UPDATED 13:11 EDT / SEPTEMBER 20 2012

NEWS

Are You an Online Virgin Mobile Subscriber? You May a Victim to Poor Security

A developer has just discovered that the online accounts of Virgin Mobile USA subscribers are highly vulnerable to brute force attacks, as the mobile company employs poor security guidelines on its website, forcing its customers to use weak passwords for their online accounts. The vulnerability of Virgin Mobile website was discovered by Kevin Burke, a software engineer at cloud communication company Twilio, who himself wrote a program to determine the PIN number for any Virgin Mobile USA online account, and discovered it can be hacked in less than a day, provided the target’s phone number is known.
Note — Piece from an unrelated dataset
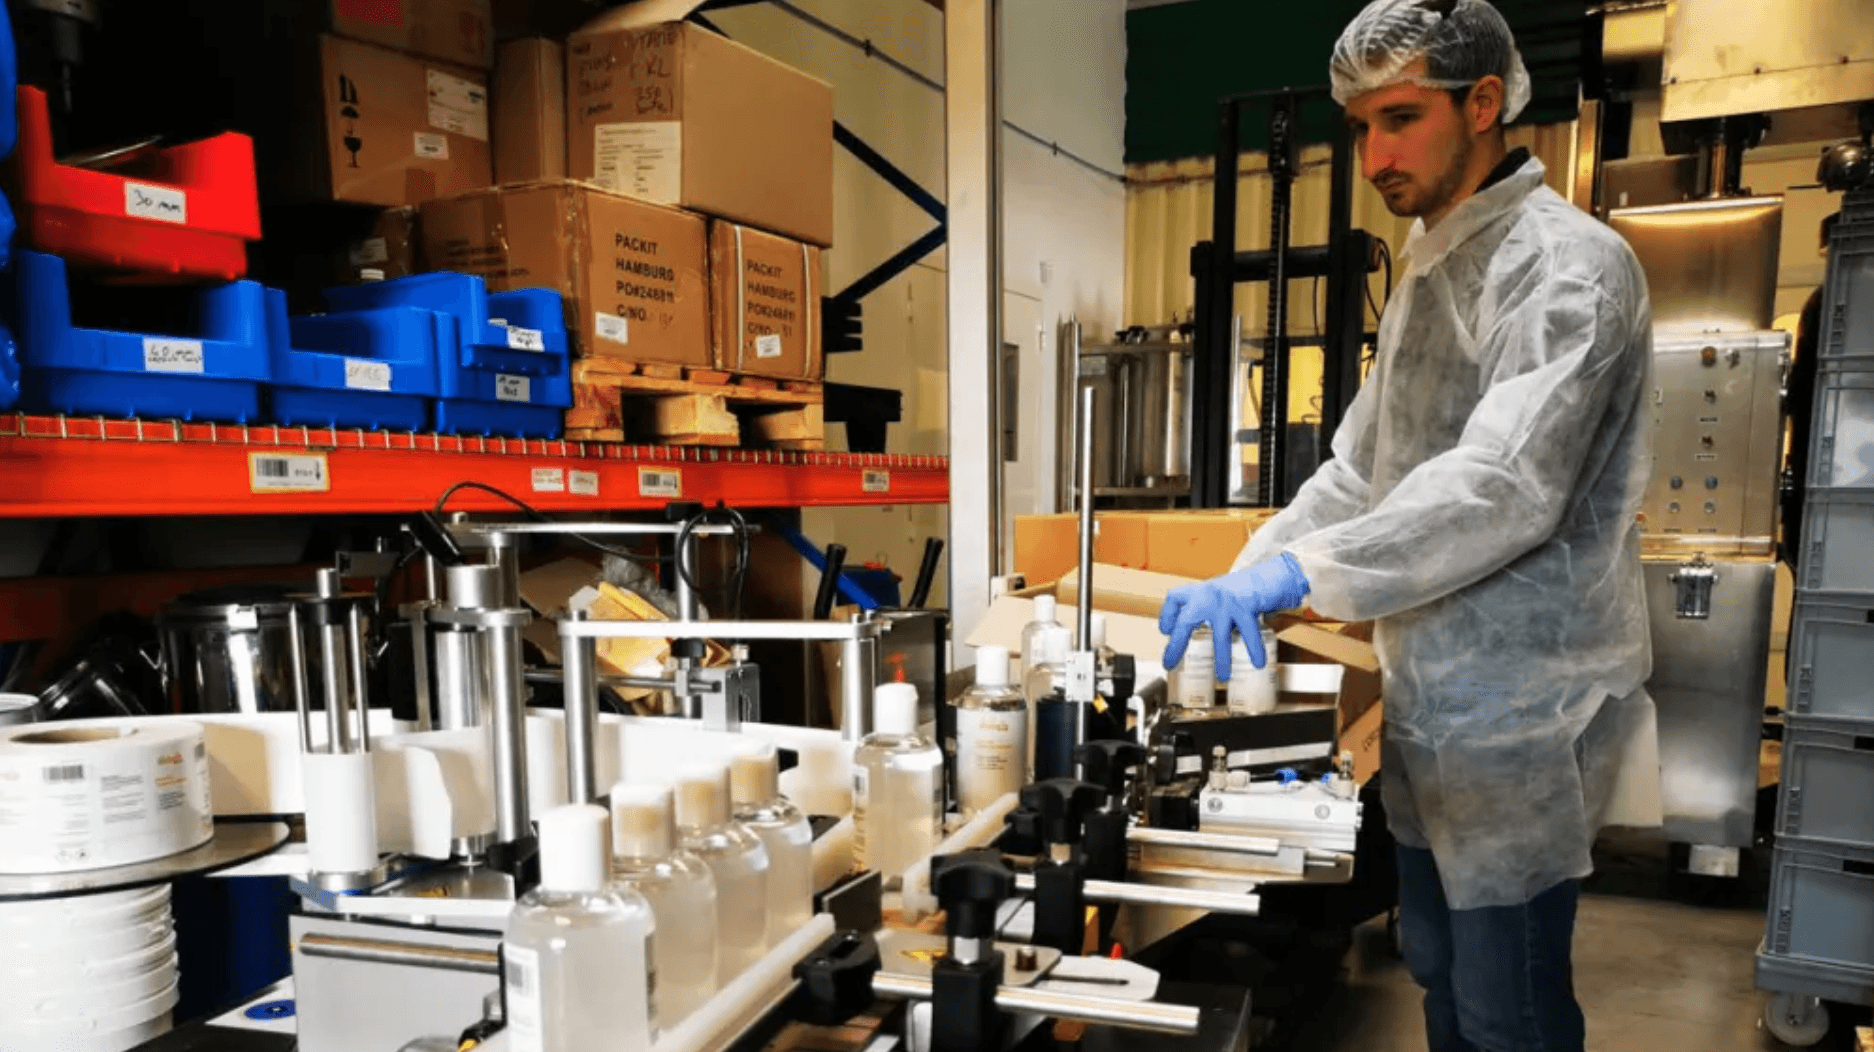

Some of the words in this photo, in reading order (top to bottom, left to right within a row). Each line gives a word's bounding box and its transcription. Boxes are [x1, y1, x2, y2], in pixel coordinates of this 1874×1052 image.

[615, 232, 658, 256] PACKIT
[615, 257, 675, 283] HAMBURG
[746, 259, 782, 279] PACKIT
[747, 280, 796, 304] HAMBURG
Though Virgin mobile has implemented some security standards, but those can also be easily breached.

“Compare a 6-digit number with a randomly generated 8-letter password containing upper-case letters, lower-case letters, and digits – the latter has 218,340,105,584,896 possible combinations”, said Burke. “Some people are mentioning they freeze you out after 4 invalid login attempts. However you can get around this limitation by clearing your cookies, or not using a Web browser like Google Chrome or Firefox to try the login attempts. I tried 100 bad logins in a row, followed by my good login, without getting locked out last night. An attacker could do the same.”

As the account setting requires a 6-digit PIN as the password, it becomes really easy for the hacker to guess the right password. On to that, the site allows as many password guesses as one likes, which is simply pitiable. As soon as the hacker gets into the user’s account by hitting the right password, he can read the account owner’s call and SMS logs, change the handset linked with the account, change the email ID and the mailing address, and use the credit card information on record for almost anything.

“They should allow people to use any character in their passwords, and probably set a *minimum* of 6 characters in a password”, Burke said. “As I pointed out, an 8 character password with 62 possibilities for each character has 218 trillion possible different combinations, making it impractical to brute force during our lifetime.”

The worst part is that when Burke went public and tweeted to Virgin Mobile U.S. about the security concern, he received a response from the company only directing him to a section of their Terms of Service agreement. What an irony! Enterprises get to know after they get massive outages and then try fixing it up. But here, when Virgin Mobile can proactively take security measures to safeguard its users, it is not willing to take any measurable steps.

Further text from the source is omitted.